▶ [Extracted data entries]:

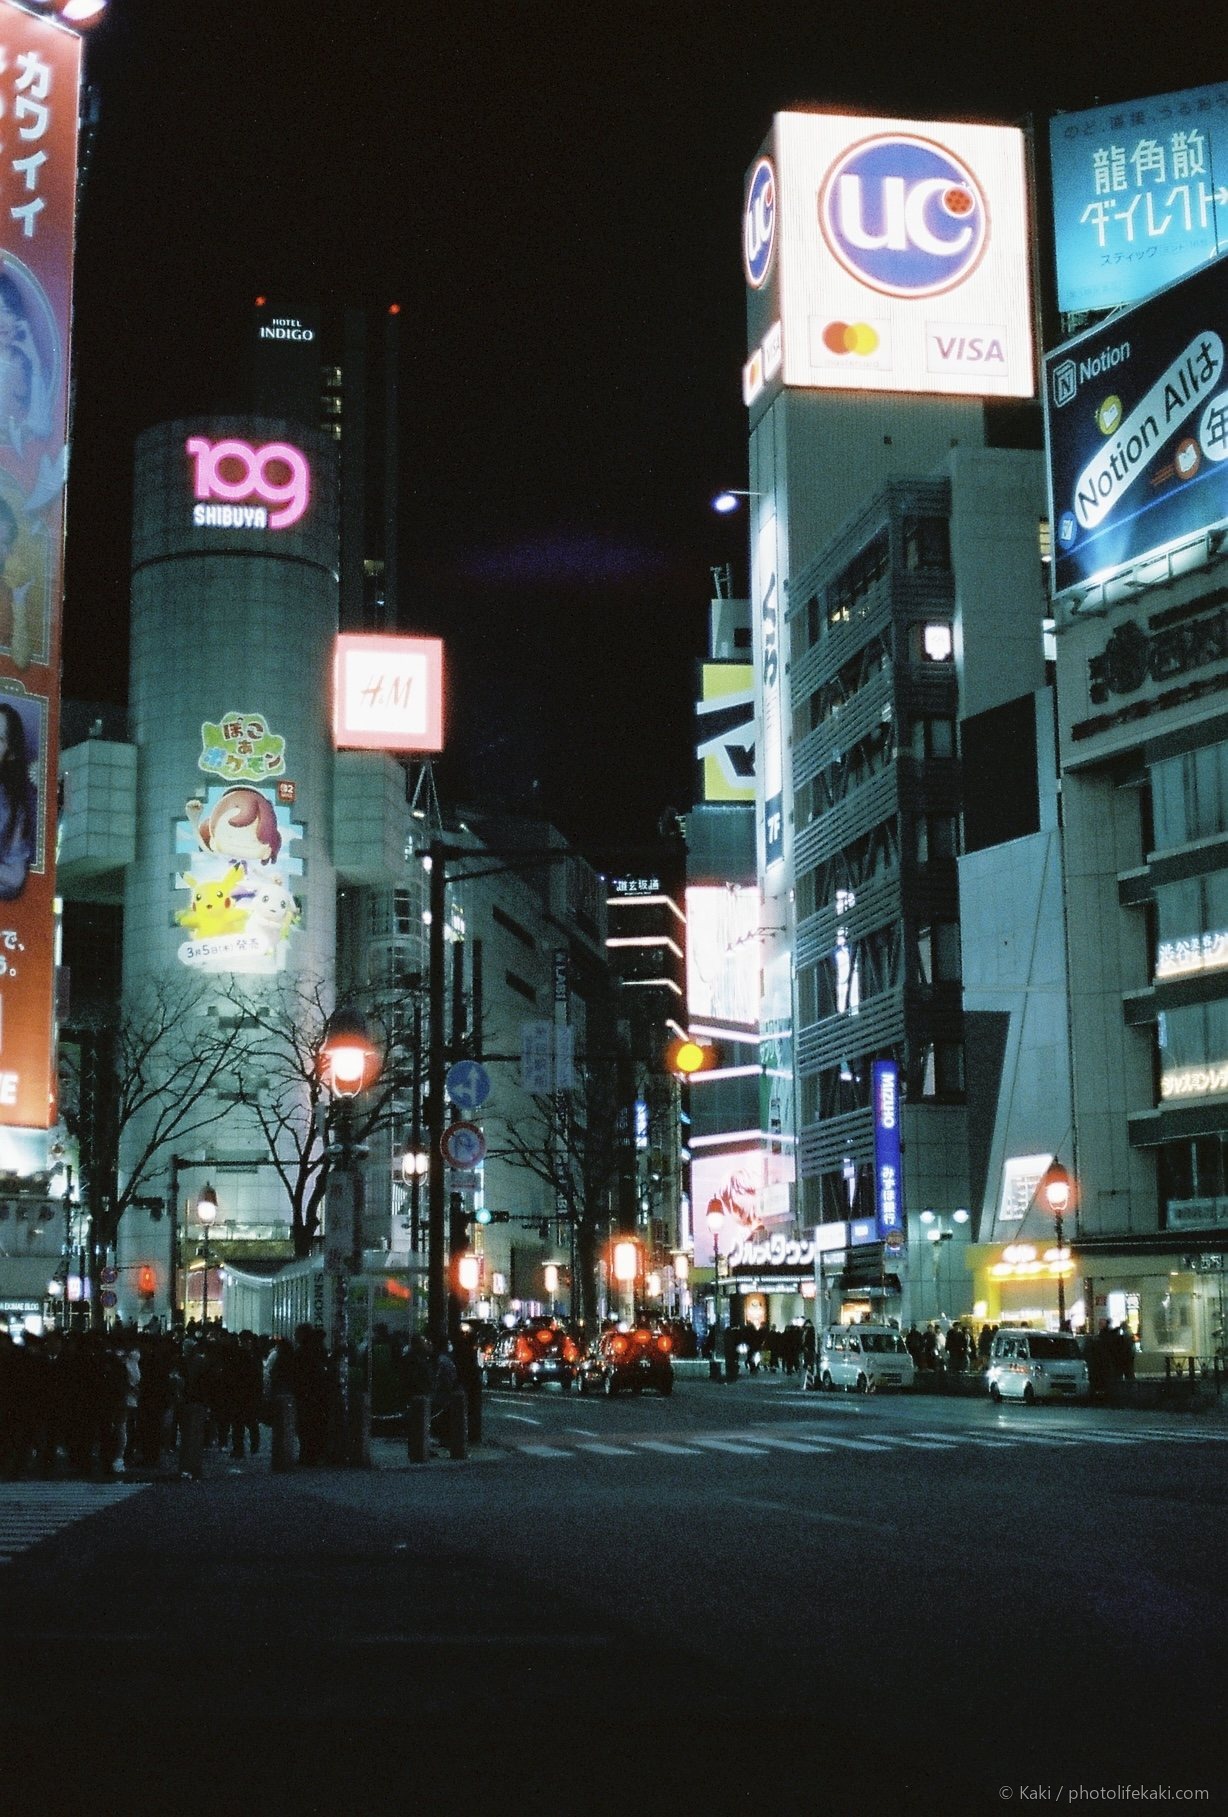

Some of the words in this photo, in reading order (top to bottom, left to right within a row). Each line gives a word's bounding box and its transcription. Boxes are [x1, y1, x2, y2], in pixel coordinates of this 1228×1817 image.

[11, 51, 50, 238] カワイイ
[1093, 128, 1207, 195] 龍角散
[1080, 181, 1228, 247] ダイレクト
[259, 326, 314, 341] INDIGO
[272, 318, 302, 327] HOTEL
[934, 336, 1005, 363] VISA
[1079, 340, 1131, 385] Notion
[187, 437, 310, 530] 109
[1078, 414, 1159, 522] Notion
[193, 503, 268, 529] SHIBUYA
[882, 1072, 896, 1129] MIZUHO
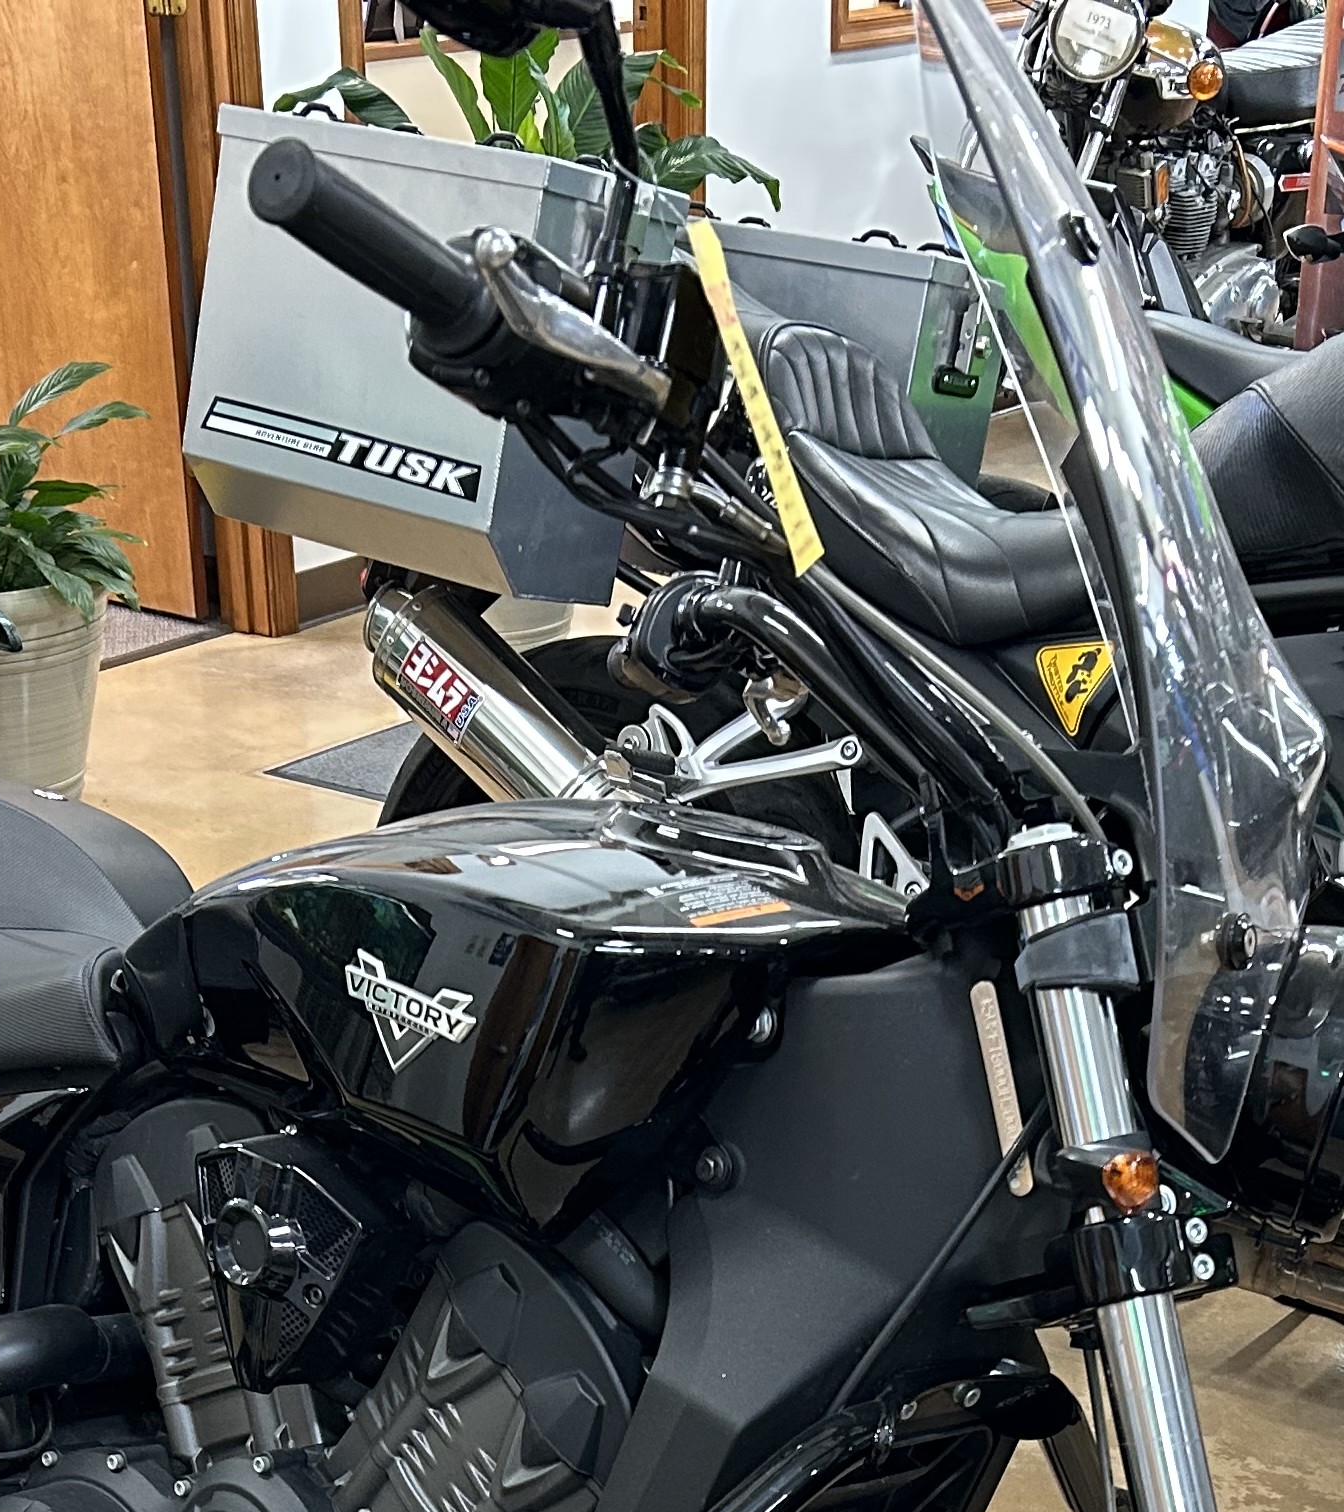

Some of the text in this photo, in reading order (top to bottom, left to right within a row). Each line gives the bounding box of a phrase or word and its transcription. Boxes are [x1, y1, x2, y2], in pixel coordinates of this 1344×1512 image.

▶ [Description of the task]: All entries, top to bottom, should be retyped exactly; the pictures should not be.

▶ [Exercise result]:
Some of the words in this photo, in reading order (top to bottom, left to right within a row). Each line gives a word's bounding box and its transcription. Boxes are [x1, y1, x2, y2], in pixel coordinates of this 1228×1817 image.

[11, 51, 50, 238] カワイイ
[1093, 128, 1207, 195] 龍角散
[1080, 181, 1228, 247] ダイレクト
[259, 326, 314, 341] INDIGO
[272, 318, 302, 327] HOTEL
[934, 336, 1005, 363] VISA
[1079, 340, 1131, 385] Notion
[187, 437, 310, 530] 109
[1078, 414, 1159, 522] Notion
[193, 503, 268, 529] SHIBUYA
[882, 1072, 896, 1129] MIZUHO

Some of the text in this photo, in reading order (top to bottom, left to right within a row). Each line gives the bounding box of a phrase or word and its transcription. Boxes are [x1, y1, x2, y2], in pixel coordinates of this 1344×1512 image.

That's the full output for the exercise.